■ **DATA SHOWN**:
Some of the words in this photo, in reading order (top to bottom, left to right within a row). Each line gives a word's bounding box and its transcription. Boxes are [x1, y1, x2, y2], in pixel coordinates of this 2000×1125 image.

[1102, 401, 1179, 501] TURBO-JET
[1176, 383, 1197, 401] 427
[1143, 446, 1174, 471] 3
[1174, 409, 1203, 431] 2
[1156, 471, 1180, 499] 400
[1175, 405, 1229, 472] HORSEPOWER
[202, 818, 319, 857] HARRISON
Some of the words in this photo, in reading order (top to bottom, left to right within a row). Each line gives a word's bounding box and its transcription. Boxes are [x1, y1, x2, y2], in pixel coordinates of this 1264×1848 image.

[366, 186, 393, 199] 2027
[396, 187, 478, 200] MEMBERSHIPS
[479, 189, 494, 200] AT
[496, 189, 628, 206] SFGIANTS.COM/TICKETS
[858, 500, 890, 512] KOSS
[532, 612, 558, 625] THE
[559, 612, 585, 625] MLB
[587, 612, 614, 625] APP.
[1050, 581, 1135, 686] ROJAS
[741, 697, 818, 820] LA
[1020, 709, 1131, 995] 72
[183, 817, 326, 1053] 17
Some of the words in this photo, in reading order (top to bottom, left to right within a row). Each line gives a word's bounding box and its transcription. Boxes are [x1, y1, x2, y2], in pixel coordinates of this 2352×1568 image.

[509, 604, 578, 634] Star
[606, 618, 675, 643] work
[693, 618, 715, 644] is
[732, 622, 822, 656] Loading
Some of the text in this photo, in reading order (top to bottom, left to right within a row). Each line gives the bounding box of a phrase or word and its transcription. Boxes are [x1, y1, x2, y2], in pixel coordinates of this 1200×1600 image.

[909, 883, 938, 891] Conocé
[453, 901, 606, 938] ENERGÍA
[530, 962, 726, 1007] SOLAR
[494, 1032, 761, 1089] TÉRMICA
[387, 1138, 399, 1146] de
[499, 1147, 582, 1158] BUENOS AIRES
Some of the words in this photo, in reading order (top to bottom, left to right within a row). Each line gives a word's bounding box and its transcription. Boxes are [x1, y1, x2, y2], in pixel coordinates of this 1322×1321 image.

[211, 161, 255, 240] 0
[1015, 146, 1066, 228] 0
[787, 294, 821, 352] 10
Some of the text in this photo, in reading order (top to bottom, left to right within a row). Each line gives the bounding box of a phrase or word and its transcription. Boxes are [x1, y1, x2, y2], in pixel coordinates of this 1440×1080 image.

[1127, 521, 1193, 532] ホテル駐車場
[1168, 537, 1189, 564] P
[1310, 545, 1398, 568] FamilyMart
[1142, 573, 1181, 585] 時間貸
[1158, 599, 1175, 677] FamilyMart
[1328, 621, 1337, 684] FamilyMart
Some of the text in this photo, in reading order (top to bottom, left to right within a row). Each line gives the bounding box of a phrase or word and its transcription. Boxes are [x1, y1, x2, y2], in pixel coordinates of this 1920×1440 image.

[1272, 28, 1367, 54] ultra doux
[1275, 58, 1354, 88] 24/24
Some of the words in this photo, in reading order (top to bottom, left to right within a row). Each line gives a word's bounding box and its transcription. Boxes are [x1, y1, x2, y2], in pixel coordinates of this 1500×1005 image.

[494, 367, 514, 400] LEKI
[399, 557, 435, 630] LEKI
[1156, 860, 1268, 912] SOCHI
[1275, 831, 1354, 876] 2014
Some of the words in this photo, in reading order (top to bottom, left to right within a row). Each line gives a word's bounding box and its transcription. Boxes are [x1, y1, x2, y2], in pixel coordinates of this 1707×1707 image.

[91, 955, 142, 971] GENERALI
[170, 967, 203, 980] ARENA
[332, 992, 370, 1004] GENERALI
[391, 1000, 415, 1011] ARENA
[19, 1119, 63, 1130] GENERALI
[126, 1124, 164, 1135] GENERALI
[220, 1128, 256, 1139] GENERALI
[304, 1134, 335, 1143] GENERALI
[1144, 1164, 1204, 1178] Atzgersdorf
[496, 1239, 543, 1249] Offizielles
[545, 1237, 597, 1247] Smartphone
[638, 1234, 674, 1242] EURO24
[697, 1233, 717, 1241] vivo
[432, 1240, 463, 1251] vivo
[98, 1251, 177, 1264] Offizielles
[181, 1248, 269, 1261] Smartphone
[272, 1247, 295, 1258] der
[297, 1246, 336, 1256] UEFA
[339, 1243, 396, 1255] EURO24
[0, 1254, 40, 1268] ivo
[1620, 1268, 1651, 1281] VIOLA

■ **TASK BRIEF**: Retype each line above with no alterations.

■ **WORKED SOLUTION**:
Some of the words in this photo, in reading order (top to bottom, left to right within a row). Each line gives a word's bounding box and its transcription. Boxes are [x1, y1, x2, y2], in pixel coordinates of this 2000×1125 image.

[1102, 401, 1179, 501] TURBO-JET
[1176, 383, 1197, 401] 427
[1143, 446, 1174, 471] 3
[1174, 409, 1203, 431] 2
[1156, 471, 1180, 499] 400
[1175, 405, 1229, 472] HORSEPOWER
[202, 818, 319, 857] HARRISON
Some of the words in this photo, in reading order (top to bottom, left to right within a row). Each line gives a word's bounding box and its transcription. Boxes are [x1, y1, x2, y2], in pixel coordinates of this 1264×1848 image.

[366, 186, 393, 199] 2027
[396, 187, 478, 200] MEMBERSHIPS
[479, 189, 494, 200] AT
[496, 189, 628, 206] SFGIANTS.COM/TICKETS
[858, 500, 890, 512] KOSS
[532, 612, 558, 625] THE
[559, 612, 585, 625] MLB
[587, 612, 614, 625] APP.
[1050, 581, 1135, 686] ROJAS
[741, 697, 818, 820] LA
[1020, 709, 1131, 995] 72
[183, 817, 326, 1053] 17
Some of the words in this photo, in reading order (top to bottom, left to right within a row). Each line gives a word's bounding box and its transcription. Boxes are [x1, y1, x2, y2], in pixel coordinates of this 2352×1568 image.

[509, 604, 578, 634] Star
[606, 618, 675, 643] work
[693, 618, 715, 644] is
[732, 622, 822, 656] Loading
Some of the text in this photo, in reading order (top to bottom, left to right within a row). Each line gives the bounding box of a phrase or word and its transcription. Boxes are [x1, y1, x2, y2], in pixel coordinates of this 1200×1600 image.

[909, 883, 938, 891] Conocé
[453, 901, 606, 938] ENERGÍA
[530, 962, 726, 1007] SOLAR
[494, 1032, 761, 1089] TÉRMICA
[387, 1138, 399, 1146] de
[499, 1147, 582, 1158] BUENOS AIRES
Some of the words in this photo, in reading order (top to bottom, left to right within a row). Each line gives a word's bounding box and its transcription. Boxes are [x1, y1, x2, y2], in pixel coordinates of this 1322×1321 image.

[211, 161, 255, 240] 0
[1015, 146, 1066, 228] 0
[787, 294, 821, 352] 10
Some of the text in this photo, in reading order (top to bottom, left to right within a row). Each line gives the bounding box of a phrase or word and its transcription. Boxes are [x1, y1, x2, y2], in pixel coordinates of this 1440×1080 image.

[1127, 521, 1193, 532] ホテル駐車場
[1168, 537, 1189, 564] P
[1310, 545, 1398, 568] FamilyMart
[1142, 573, 1181, 585] 時間貸
[1158, 599, 1175, 677] FamilyMart
[1328, 621, 1337, 684] FamilyMart
Some of the text in this photo, in reading order (top to bottom, left to right within a row). Each line gives the bounding box of a phrase or word and its transcription. Boxes are [x1, y1, x2, y2], in pixel coordinates of this 1920×1440 image.

[1272, 28, 1367, 54] ultra doux
[1275, 58, 1354, 88] 24/24
Some of the words in this photo, in reading order (top to bottom, left to right within a row). Each line gives a word's bounding box and its transcription. Boxes are [x1, y1, x2, y2], in pixel coordinates of this 1500×1005 image.

[494, 367, 514, 400] LEKI
[399, 557, 435, 630] LEKI
[1156, 860, 1268, 912] SOCHI
[1275, 831, 1354, 876] 2014
Some of the words in this photo, in reading order (top to bottom, left to right within a row). Each line gives a word's bounding box and its transcription. Boxes are [x1, y1, x2, y2], in pixel coordinates of this 1707×1707 image.

[91, 955, 142, 971] GENERALI
[170, 967, 203, 980] ARENA
[332, 992, 370, 1004] GENERALI
[391, 1000, 415, 1011] ARENA
[19, 1119, 63, 1130] GENERALI
[126, 1124, 164, 1135] GENERALI
[220, 1128, 256, 1139] GENERALI
[304, 1134, 335, 1143] GENERALI
[1144, 1164, 1204, 1178] Atzgersdorf
[496, 1239, 543, 1249] Offizielles
[545, 1237, 597, 1247] Smartphone
[638, 1234, 674, 1242] EURO24
[697, 1233, 717, 1241] vivo
[432, 1240, 463, 1251] vivo
[98, 1251, 177, 1264] Offizielles
[181, 1248, 269, 1261] Smartphone
[272, 1247, 295, 1258] der
[297, 1246, 336, 1256] UEFA
[339, 1243, 396, 1255] EURO24
[0, 1254, 40, 1268] ivo
[1620, 1268, 1651, 1281] VIOLA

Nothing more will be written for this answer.